··· INPUT DATA ···
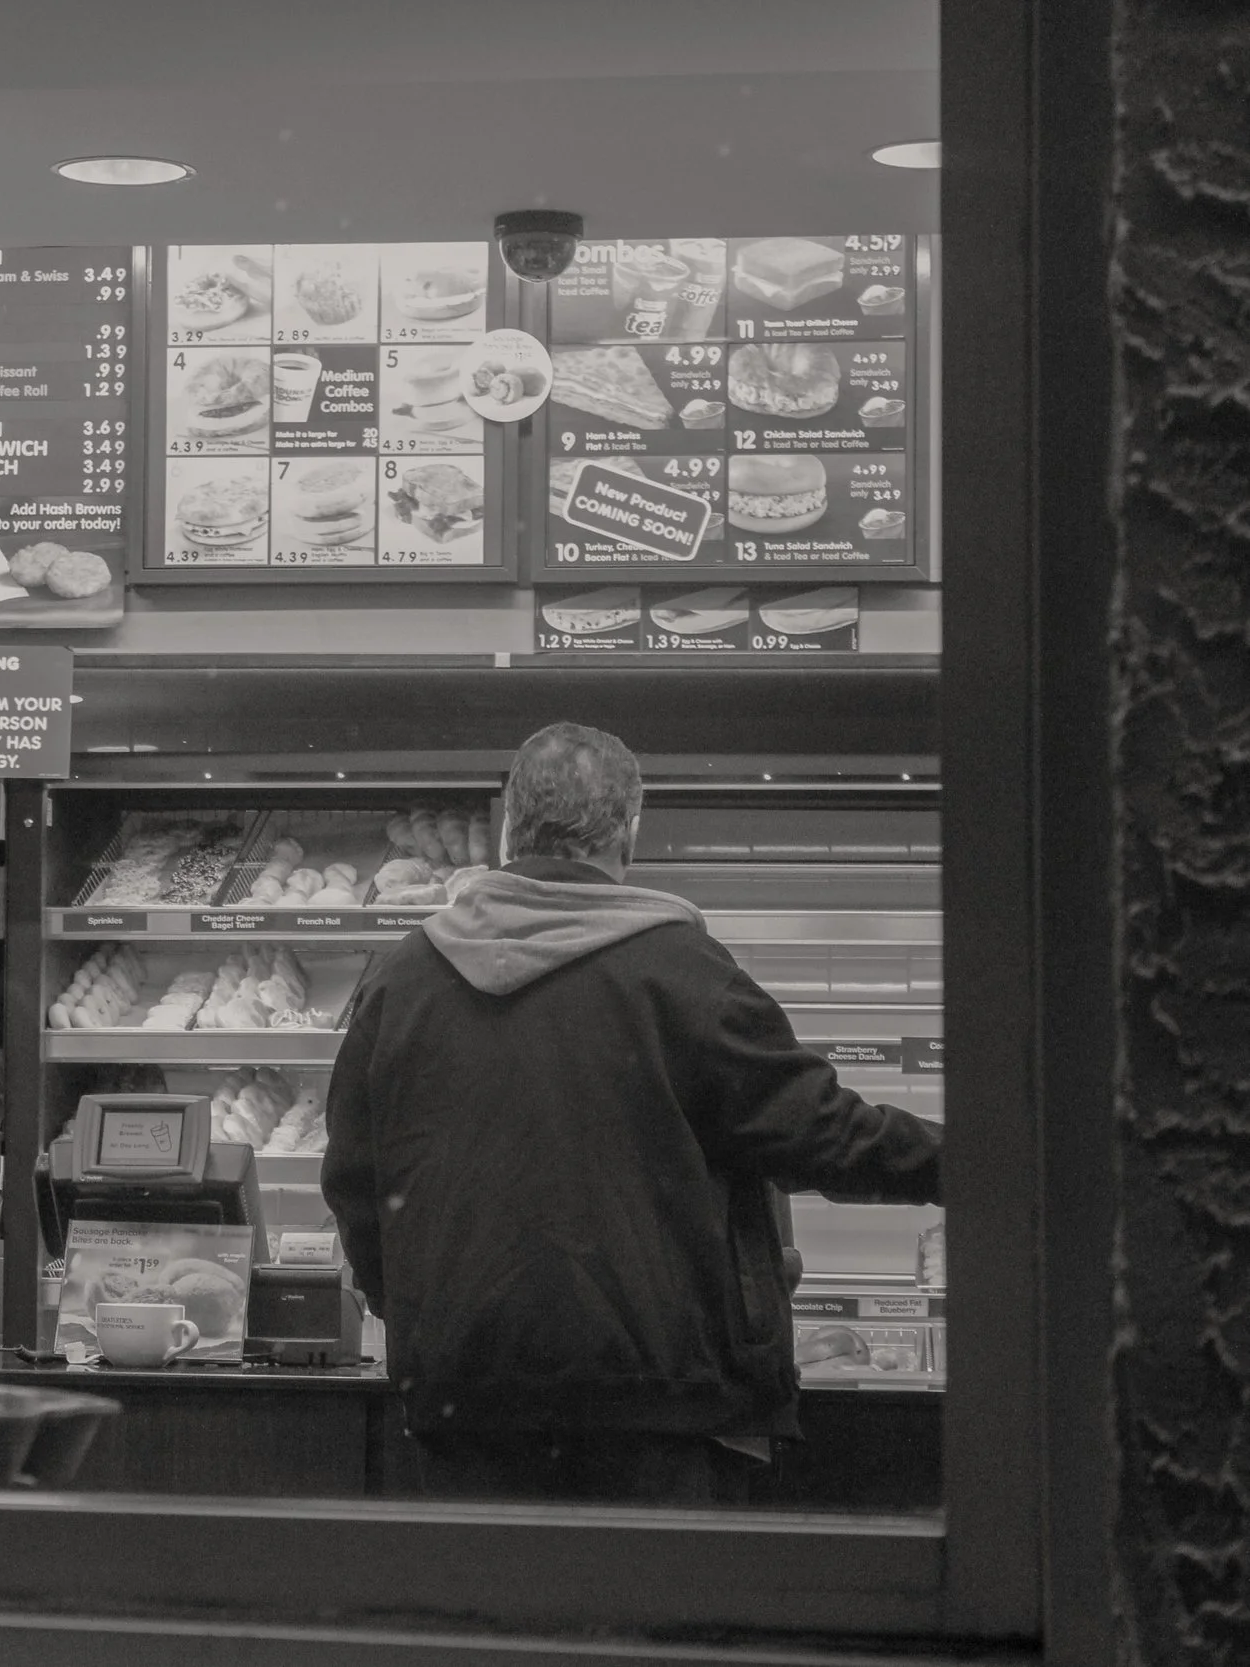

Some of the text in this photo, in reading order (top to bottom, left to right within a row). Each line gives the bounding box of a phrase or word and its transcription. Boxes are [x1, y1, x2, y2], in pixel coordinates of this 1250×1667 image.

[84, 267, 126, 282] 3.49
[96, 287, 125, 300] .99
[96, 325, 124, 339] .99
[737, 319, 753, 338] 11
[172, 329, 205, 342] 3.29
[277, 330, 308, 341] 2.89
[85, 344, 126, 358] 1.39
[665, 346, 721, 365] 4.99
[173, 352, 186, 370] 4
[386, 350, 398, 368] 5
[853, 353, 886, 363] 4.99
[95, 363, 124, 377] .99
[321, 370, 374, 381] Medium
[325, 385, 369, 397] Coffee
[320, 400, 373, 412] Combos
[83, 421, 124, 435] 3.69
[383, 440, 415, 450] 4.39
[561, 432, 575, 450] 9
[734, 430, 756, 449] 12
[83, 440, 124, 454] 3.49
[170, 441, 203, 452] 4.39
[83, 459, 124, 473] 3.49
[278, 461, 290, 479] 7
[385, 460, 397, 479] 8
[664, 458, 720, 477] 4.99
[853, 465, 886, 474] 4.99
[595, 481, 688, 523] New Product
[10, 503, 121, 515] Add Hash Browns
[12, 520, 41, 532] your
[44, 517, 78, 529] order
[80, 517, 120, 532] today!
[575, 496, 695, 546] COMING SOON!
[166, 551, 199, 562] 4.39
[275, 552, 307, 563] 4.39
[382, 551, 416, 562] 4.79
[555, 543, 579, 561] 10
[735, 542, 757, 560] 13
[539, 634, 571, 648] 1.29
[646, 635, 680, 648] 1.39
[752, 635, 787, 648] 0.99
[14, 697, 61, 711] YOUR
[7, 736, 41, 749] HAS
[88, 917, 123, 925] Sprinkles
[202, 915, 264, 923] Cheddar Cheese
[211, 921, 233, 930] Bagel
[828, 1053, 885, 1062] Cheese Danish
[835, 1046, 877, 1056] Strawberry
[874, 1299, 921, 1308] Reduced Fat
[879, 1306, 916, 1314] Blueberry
···
**PROBLEM:**
Go through the entries above and output them exactly, without pictures.

**PROBLEM SOLUTION:**
Some of the text in this photo, in reading order (top to bottom, left to right within a row). Each line gives the bounding box of a phrase or word and its transcription. Boxes are [x1, y1, x2, y2], in pixel coordinates of this 1250×1667 image.

[84, 267, 126, 282] 3.49
[96, 287, 125, 300] .99
[96, 325, 124, 339] .99
[737, 319, 753, 338] 11
[172, 329, 205, 342] 3.29
[277, 330, 308, 341] 2.89
[85, 344, 126, 358] 1.39
[665, 346, 721, 365] 4.99
[173, 352, 186, 370] 4
[386, 350, 398, 368] 5
[853, 353, 886, 363] 4.99
[95, 363, 124, 377] .99
[321, 370, 374, 381] Medium
[325, 385, 369, 397] Coffee
[320, 400, 373, 412] Combos
[83, 421, 124, 435] 3.69
[383, 440, 415, 450] 4.39
[561, 432, 575, 450] 9
[734, 430, 756, 449] 12
[83, 440, 124, 454] 3.49
[170, 441, 203, 452] 4.39
[83, 459, 124, 473] 3.49
[278, 461, 290, 479] 7
[385, 460, 397, 479] 8
[664, 458, 720, 477] 4.99
[853, 465, 886, 474] 4.99
[595, 481, 688, 523] New Product
[10, 503, 121, 515] Add Hash Browns
[12, 520, 41, 532] your
[44, 517, 78, 529] order
[80, 517, 120, 532] today!
[575, 496, 695, 546] COMING SOON!
[166, 551, 199, 562] 4.39
[275, 552, 307, 563] 4.39
[382, 551, 416, 562] 4.79
[555, 543, 579, 561] 10
[735, 542, 757, 560] 13
[539, 634, 571, 648] 1.29
[646, 635, 680, 648] 1.39
[752, 635, 787, 648] 0.99
[14, 697, 61, 711] YOUR
[7, 736, 41, 749] HAS
[88, 917, 123, 925] Sprinkles
[202, 915, 264, 923] Cheddar Cheese
[211, 921, 233, 930] Bagel
[828, 1053, 885, 1062] Cheese Danish
[835, 1046, 877, 1056] Strawberry
[874, 1299, 921, 1308] Reduced Fat
[879, 1306, 916, 1314] Blueberry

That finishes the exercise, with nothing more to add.